The specially-commissioned vehicle will feature a micro-museum, a mini-factory for the making of poppies and wreaths, and a classroom for school and community groups.
Visitors will be able to hear recordings of accounts of military life from veterans, as well as view exhibits drawn from the collection of the Lady Haig’s Poppy Factory, in Edinburgh, where 40 ex-servicemen hand-make more than five million poppies and 15,000 wreaths every year.
The charity Poppy Scotland says the "free-to-access and accessible-to-all" mobile unit will be aimed at increasing awareness of the heritage of the the symbol of remembrance and its role as a “a symbol of unity and hope.”
The Heritage Lottery Fund-backed venture is also aimed at helping to ensure that young people across the country are well informed about the poppy and its enduring relevance, as well as issuing facing modern-day armed forces personnel.

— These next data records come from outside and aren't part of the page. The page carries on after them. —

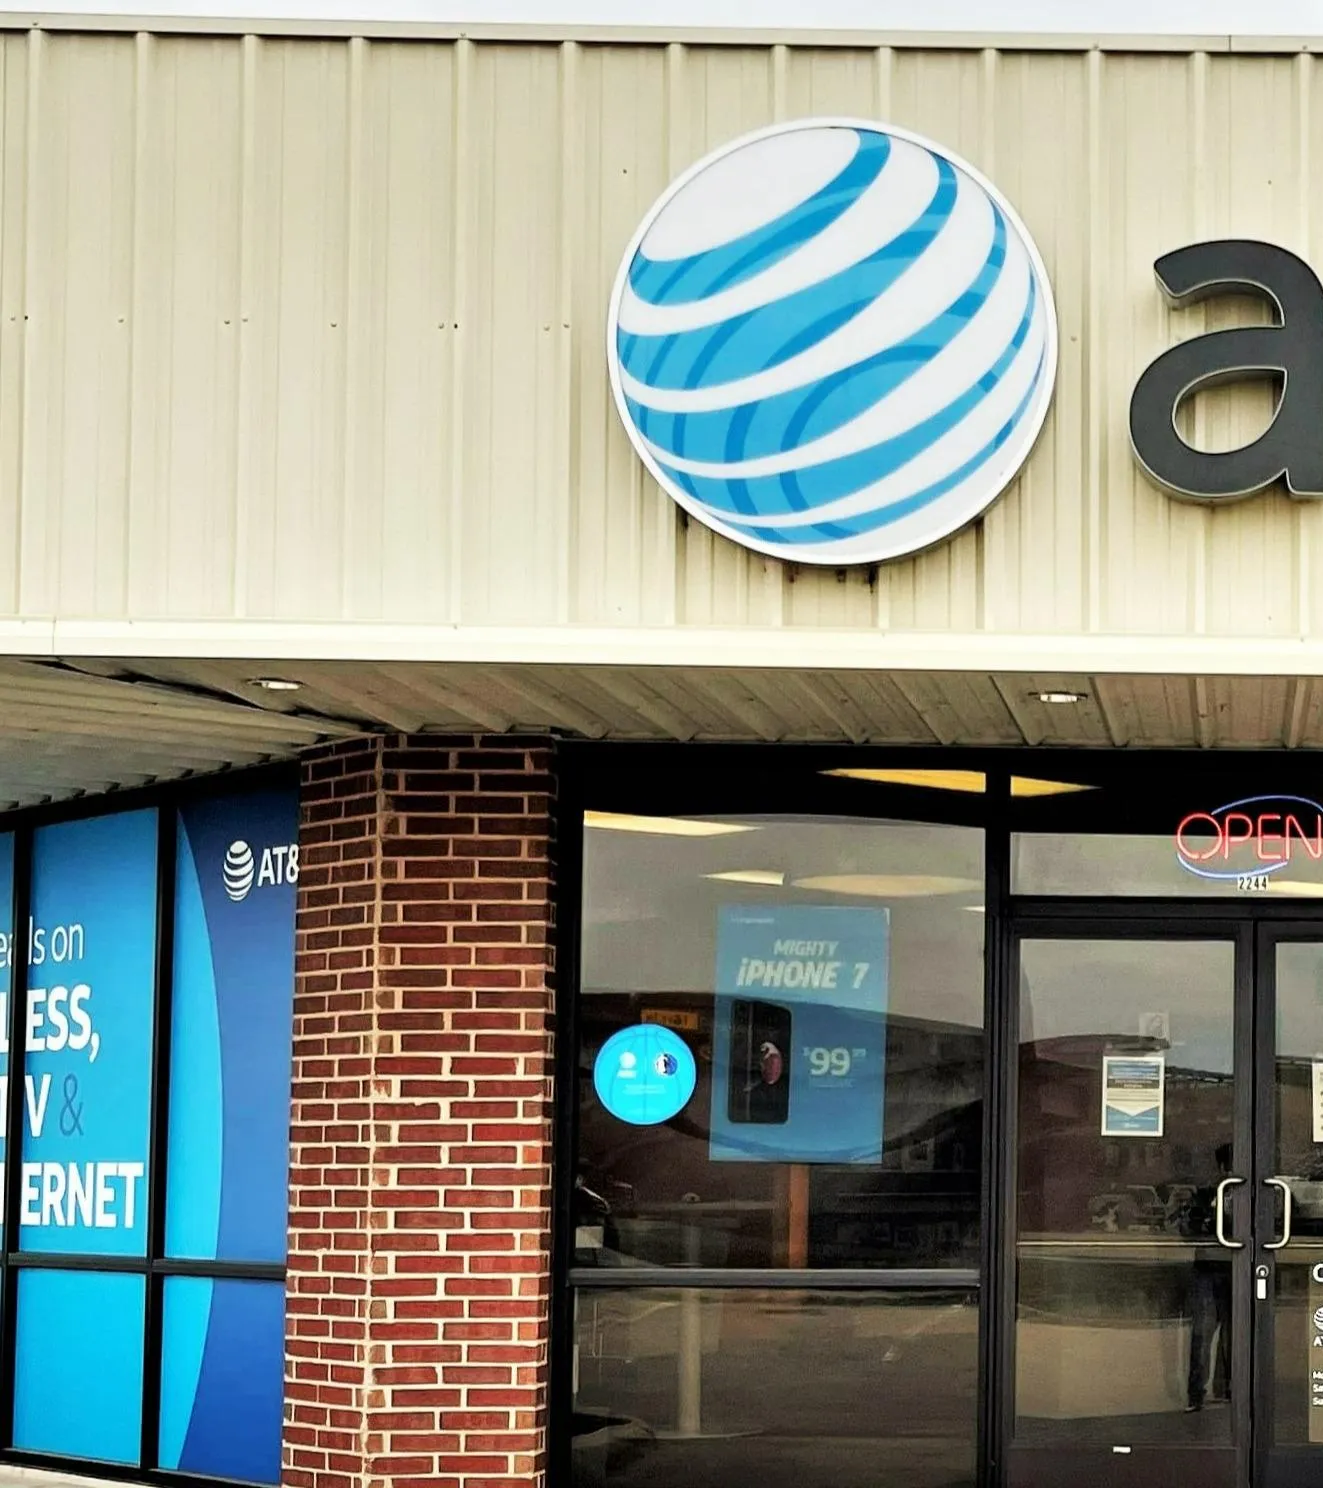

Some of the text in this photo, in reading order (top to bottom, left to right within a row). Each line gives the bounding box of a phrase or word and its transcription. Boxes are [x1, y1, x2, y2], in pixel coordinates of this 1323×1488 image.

[1177, 813, 1323, 861] OPEN
[1238, 876, 1268, 890] 2244
[51, 922, 84, 962] on
[773, 939, 839, 956] MIGHTY
[736, 957, 870, 989] iPHONE 7
[59, 1073, 84, 1136] &

Poppy Scotland, which raises more than Â£3 each year for veterans and their families, is expected to host more than 200 events a year on the road inside the “Moving Poppy”, which will be able to house up to 35 visitors at a time.

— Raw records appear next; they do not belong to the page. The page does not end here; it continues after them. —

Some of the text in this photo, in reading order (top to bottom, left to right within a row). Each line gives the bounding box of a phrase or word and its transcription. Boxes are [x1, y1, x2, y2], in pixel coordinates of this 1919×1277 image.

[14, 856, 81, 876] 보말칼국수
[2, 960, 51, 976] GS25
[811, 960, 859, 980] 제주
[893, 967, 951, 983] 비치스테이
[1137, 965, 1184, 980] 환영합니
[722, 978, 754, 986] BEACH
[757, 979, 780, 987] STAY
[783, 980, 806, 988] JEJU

Around 150 volunteers and 80 veterans are being recruited to help welcome visitors the vehicle, which will take to the road for the first time this autumn.
It is expected to operate for the foreseeable future, including over the centenaries of the first annual “Poppy Appeal” in 1921 and the creation of the poppy-making factory in Edinburgh five years later.
Plans lodged with the Heritage Lottery Fund last year for the project said the Moving Poppy was envisaged to create “a unique legacy to commemorate the end of the First World War, the on going importance of remembrance, and the historical and contemporary significance of the poppy, especially during the centenaries of the first national poppy appeal in 2021 and Edinburgh’s Lady Haig’s Poppy Factory in 2026.
“The unit would tour Scotland for 220 days annually, promoting our learning opportunities around remembrance to all, no matter what age and stage. It will showcase our services and raise our profile outwith Edinburgh area where the factory is and in priority areas, for example, where there is a need to grow our volunteer base or sign-post potential beneficiaries to our own or local welfare provision.
“We will visit areas high on the Scottish index of multiple deprivation, as well as reaching out to ethnic and multi-faith communities currently under-represented in our supporter base.
“We estimate a potential 50,000 visitors annually could access this facility, many of whom are geographically or economically disadvantaged. It would help ensure there is equal provision and access to our services throughout the country.”
Mark Bibbey, chief executive of Poppy Scotland, said: “The Moving Poppy is an innovative and ambitious project that will provide visitors with a contemporary understanding of remembrance and explore the poppy’s role in modern Scottish society as a symbol of unity and hope.
“It will enable us to reach a much broader geographic audience and an even more diverse range of visitors, building on what we already have here at Lady Haig’s Poppy Factory in Edinburgh.
“It is particularly fitting to be launching The Moving Poppy in 2018 as a lasting legacy 100 years after the end of the First World War.
“It will ensure that the sacrifices made during that conflict, and those since, together with the vital, life-changing services provided by Poppy Scotland today are understood and recognised for generations to come.”
Lucy Casot, head of the Heritage Lottery Fund in Scotland, said: “While everyone knows the poppy as a symbol of remembrance, this little flower represents so much more in today’s society.
“The ‘Moving Poppy’ is a unique and exciting idea which will expand on the work of the Lady Haig’s Poppy Factory, allowing diverse groups, including rurally-remote and multi-faith communities, to explore all that it stands for. The Moving Poppy is a timely legacy in this First World War centenary year.”